-- Records shown follows --

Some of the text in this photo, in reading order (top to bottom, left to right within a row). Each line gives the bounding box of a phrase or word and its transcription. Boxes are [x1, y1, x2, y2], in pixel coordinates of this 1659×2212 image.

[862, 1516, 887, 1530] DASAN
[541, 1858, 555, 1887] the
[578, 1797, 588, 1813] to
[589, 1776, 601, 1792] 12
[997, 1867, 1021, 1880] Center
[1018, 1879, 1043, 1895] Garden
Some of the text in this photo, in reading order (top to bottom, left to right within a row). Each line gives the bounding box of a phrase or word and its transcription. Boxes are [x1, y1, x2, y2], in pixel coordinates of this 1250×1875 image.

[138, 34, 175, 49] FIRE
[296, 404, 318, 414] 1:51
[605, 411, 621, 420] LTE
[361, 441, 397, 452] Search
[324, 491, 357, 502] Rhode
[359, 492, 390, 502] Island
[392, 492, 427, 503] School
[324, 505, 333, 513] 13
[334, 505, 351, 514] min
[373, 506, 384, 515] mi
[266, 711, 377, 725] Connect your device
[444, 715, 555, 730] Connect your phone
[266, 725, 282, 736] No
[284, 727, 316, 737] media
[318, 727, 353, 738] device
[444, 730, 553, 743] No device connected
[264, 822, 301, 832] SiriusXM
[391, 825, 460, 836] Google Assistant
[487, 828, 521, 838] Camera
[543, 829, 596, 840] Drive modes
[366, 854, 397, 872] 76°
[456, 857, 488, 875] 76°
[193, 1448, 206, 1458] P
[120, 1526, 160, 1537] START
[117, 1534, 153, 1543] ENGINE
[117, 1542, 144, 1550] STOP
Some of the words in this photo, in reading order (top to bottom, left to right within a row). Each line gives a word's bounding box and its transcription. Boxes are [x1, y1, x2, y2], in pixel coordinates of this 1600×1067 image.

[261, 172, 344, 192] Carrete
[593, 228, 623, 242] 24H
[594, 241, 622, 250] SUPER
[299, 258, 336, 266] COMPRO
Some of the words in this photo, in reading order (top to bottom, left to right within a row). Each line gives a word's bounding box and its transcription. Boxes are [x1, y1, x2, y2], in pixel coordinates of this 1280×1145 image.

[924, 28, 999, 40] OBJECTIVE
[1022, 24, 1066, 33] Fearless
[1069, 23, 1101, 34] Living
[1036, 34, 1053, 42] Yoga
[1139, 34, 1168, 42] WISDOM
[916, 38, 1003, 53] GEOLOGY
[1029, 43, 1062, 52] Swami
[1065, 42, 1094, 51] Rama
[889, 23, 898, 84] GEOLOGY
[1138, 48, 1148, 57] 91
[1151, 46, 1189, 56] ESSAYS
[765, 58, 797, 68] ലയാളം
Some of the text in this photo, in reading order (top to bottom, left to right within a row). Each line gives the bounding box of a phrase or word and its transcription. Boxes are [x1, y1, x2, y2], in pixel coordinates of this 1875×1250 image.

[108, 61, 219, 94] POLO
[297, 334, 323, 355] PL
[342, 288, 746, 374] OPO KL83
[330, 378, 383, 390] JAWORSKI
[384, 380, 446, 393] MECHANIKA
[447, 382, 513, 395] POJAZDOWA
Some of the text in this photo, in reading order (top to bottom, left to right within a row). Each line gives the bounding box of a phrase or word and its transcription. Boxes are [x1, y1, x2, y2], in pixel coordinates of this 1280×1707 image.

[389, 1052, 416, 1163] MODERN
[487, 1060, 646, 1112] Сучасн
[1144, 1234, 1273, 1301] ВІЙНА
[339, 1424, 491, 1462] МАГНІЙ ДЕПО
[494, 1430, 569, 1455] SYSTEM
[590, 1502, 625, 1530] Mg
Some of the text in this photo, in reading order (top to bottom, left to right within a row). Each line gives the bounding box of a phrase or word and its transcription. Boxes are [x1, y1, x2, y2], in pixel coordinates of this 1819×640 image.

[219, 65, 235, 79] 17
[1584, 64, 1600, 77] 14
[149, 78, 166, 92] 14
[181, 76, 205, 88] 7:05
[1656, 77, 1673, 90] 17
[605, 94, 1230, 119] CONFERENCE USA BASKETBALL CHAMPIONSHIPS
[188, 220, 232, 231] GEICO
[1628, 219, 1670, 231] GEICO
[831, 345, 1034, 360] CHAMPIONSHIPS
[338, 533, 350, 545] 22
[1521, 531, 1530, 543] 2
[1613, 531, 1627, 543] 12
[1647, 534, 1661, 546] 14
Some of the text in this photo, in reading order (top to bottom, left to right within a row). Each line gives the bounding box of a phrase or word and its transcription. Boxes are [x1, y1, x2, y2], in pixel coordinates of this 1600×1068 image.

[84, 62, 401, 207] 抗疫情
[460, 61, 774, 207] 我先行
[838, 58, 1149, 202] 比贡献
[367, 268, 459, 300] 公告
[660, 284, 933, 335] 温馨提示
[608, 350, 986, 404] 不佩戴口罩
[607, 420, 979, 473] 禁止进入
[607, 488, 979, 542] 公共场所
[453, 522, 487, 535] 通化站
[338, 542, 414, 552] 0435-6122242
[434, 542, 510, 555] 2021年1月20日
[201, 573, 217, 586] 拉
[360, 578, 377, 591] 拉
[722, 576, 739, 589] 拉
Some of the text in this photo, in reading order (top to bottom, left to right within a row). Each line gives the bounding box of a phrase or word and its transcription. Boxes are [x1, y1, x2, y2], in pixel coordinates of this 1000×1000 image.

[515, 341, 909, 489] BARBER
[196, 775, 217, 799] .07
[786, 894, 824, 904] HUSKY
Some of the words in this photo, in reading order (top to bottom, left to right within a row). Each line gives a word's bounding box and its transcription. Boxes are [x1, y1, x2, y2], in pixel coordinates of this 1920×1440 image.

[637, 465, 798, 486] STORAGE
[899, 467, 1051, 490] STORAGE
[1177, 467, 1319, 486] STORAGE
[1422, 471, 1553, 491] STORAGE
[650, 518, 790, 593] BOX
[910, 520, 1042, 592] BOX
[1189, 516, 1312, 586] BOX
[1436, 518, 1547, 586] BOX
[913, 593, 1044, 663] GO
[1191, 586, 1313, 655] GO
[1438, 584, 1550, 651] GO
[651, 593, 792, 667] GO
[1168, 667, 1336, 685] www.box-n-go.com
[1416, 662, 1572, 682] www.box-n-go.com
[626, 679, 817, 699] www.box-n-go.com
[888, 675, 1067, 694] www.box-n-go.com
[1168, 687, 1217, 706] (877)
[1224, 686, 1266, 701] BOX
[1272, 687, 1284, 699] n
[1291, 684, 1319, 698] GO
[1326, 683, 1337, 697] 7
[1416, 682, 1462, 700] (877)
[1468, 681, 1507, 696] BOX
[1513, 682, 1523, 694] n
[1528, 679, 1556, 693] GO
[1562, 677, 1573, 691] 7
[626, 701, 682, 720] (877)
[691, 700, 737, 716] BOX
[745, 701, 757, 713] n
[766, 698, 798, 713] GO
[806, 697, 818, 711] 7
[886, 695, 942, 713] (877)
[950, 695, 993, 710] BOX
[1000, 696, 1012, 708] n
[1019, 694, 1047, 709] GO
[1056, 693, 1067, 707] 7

-- Records shown concluded --

What you have to do:
Would you restate the records word for word?

Output for this exercise:
Some of the text in this photo, in reading order (top to bottom, left to right within a row). Each line gives the bounding box of a phrase or word and its transcription. Boxes are [x1, y1, x2, y2], in pixel coordinates of this 1659×2212 image.

[862, 1516, 887, 1530] DASAN
[541, 1858, 555, 1887] the
[578, 1797, 588, 1813] to
[589, 1776, 601, 1792] 12
[997, 1867, 1021, 1880] Center
[1018, 1879, 1043, 1895] Garden
Some of the text in this photo, in reading order (top to bottom, left to right within a row). Each line gives the bounding box of a phrase or word and its transcription. Boxes are [x1, y1, x2, y2], in pixel coordinates of this 1250×1875 image.

[138, 34, 175, 49] FIRE
[296, 404, 318, 414] 1:51
[605, 411, 621, 420] LTE
[361, 441, 397, 452] Search
[324, 491, 357, 502] Rhode
[359, 492, 390, 502] Island
[392, 492, 427, 503] School
[324, 505, 333, 513] 13
[334, 505, 351, 514] min
[373, 506, 384, 515] mi
[266, 711, 377, 725] Connect your device
[444, 715, 555, 730] Connect your phone
[266, 725, 282, 736] No
[284, 727, 316, 737] media
[318, 727, 353, 738] device
[444, 730, 553, 743] No device connected
[264, 822, 301, 832] SiriusXM
[391, 825, 460, 836] Google Assistant
[487, 828, 521, 838] Camera
[543, 829, 596, 840] Drive modes
[366, 854, 397, 872] 76°
[456, 857, 488, 875] 76°
[193, 1448, 206, 1458] P
[120, 1526, 160, 1537] START
[117, 1534, 153, 1543] ENGINE
[117, 1542, 144, 1550] STOP
Some of the words in this photo, in reading order (top to bottom, left to right within a row). Each line gives a word's bounding box and its transcription. Boxes are [x1, y1, x2, y2], in pixel coordinates of this 1600×1067 image.

[261, 172, 344, 192] Carrete
[593, 228, 623, 242] 24H
[594, 241, 622, 250] SUPER
[299, 258, 336, 266] COMPRO
Some of the words in this photo, in reading order (top to bottom, left to right within a row). Each line gives a word's bounding box and its transcription. Boxes are [x1, y1, x2, y2], in pixel coordinates of this 1280×1145 image.

[924, 28, 999, 40] OBJECTIVE
[1022, 24, 1066, 33] Fearless
[1069, 23, 1101, 34] Living
[1036, 34, 1053, 42] Yoga
[1139, 34, 1168, 42] WISDOM
[916, 38, 1003, 53] GEOLOGY
[1029, 43, 1062, 52] Swami
[1065, 42, 1094, 51] Rama
[889, 23, 898, 84] GEOLOGY
[1138, 48, 1148, 57] 91
[1151, 46, 1189, 56] ESSAYS
[765, 58, 797, 68] ലയാളം
Some of the text in this photo, in reading order (top to bottom, left to right within a row). Each line gives the bounding box of a phrase or word and its transcription. Boxes are [x1, y1, x2, y2], in pixel coordinates of this 1875×1250 image.

[108, 61, 219, 94] POLO
[297, 334, 323, 355] PL
[342, 288, 746, 374] OPO KL83
[330, 378, 383, 390] JAWORSKI
[384, 380, 446, 393] MECHANIKA
[447, 382, 513, 395] POJAZDOWA
Some of the text in this photo, in reading order (top to bottom, left to right within a row). Each line gives the bounding box of a phrase or word and its transcription. Boxes are [x1, y1, x2, y2], in pixel coordinates of this 1280×1707 image.

[389, 1052, 416, 1163] MODERN
[487, 1060, 646, 1112] Сучасн
[1144, 1234, 1273, 1301] ВІЙНА
[339, 1424, 491, 1462] МАГНІЙ ДЕПО
[494, 1430, 569, 1455] SYSTEM
[590, 1502, 625, 1530] Mg
Some of the text in this photo, in reading order (top to bottom, left to right within a row). Each line gives the bounding box of a phrase or word and its transcription. Boxes are [x1, y1, x2, y2], in pixel coordinates of this 1819×640 image.

[219, 65, 235, 79] 17
[1584, 64, 1600, 77] 14
[149, 78, 166, 92] 14
[181, 76, 205, 88] 7:05
[1656, 77, 1673, 90] 17
[605, 94, 1230, 119] CONFERENCE USA BASKETBALL CHAMPIONSHIPS
[188, 220, 232, 231] GEICO
[1628, 219, 1670, 231] GEICO
[831, 345, 1034, 360] CHAMPIONSHIPS
[338, 533, 350, 545] 22
[1521, 531, 1530, 543] 2
[1613, 531, 1627, 543] 12
[1647, 534, 1661, 546] 14
Some of the text in this photo, in reading order (top to bottom, left to right within a row). Each line gives the bounding box of a phrase or word and its transcription. Boxes are [x1, y1, x2, y2], in pixel coordinates of this 1600×1068 image.

[84, 62, 401, 207] 抗疫情
[460, 61, 774, 207] 我先行
[838, 58, 1149, 202] 比贡献
[367, 268, 459, 300] 公告
[660, 284, 933, 335] 温馨提示
[608, 350, 986, 404] 不佩戴口罩
[607, 420, 979, 473] 禁止进入
[607, 488, 979, 542] 公共场所
[453, 522, 487, 535] 通化站
[338, 542, 414, 552] 0435-6122242
[434, 542, 510, 555] 2021年1月20日
[201, 573, 217, 586] 拉
[360, 578, 377, 591] 拉
[722, 576, 739, 589] 拉
Some of the text in this photo, in reading order (top to bottom, left to right within a row). Each line gives the bounding box of a phrase or word and its transcription. Boxes are [x1, y1, x2, y2], in pixel coordinates of this 1000×1000 image.

[515, 341, 909, 489] BARBER
[196, 775, 217, 799] .07
[786, 894, 824, 904] HUSKY
Some of the words in this photo, in reading order (top to bottom, left to right within a row). Each line gives a word's bounding box and its transcription. Boxes are [x1, y1, x2, y2], in pixel coordinates of this 1920×1440 image.

[637, 465, 798, 486] STORAGE
[899, 467, 1051, 490] STORAGE
[1177, 467, 1319, 486] STORAGE
[1422, 471, 1553, 491] STORAGE
[650, 518, 790, 593] BOX
[910, 520, 1042, 592] BOX
[1189, 516, 1312, 586] BOX
[1436, 518, 1547, 586] BOX
[913, 593, 1044, 663] GO
[1191, 586, 1313, 655] GO
[1438, 584, 1550, 651] GO
[651, 593, 792, 667] GO
[1168, 667, 1336, 685] www.box-n-go.com
[1416, 662, 1572, 682] www.box-n-go.com
[626, 679, 817, 699] www.box-n-go.com
[888, 675, 1067, 694] www.box-n-go.com
[1168, 687, 1217, 706] (877)
[1224, 686, 1266, 701] BOX
[1272, 687, 1284, 699] n
[1291, 684, 1319, 698] GO
[1326, 683, 1337, 697] 7
[1416, 682, 1462, 700] (877)
[1468, 681, 1507, 696] BOX
[1513, 682, 1523, 694] n
[1528, 679, 1556, 693] GO
[1562, 677, 1573, 691] 7
[626, 701, 682, 720] (877)
[691, 700, 737, 716] BOX
[745, 701, 757, 713] n
[766, 698, 798, 713] GO
[806, 697, 818, 711] 7
[886, 695, 942, 713] (877)
[950, 695, 993, 710] BOX
[1000, 696, 1012, 708] n
[1019, 694, 1047, 709] GO
[1056, 693, 1067, 707] 7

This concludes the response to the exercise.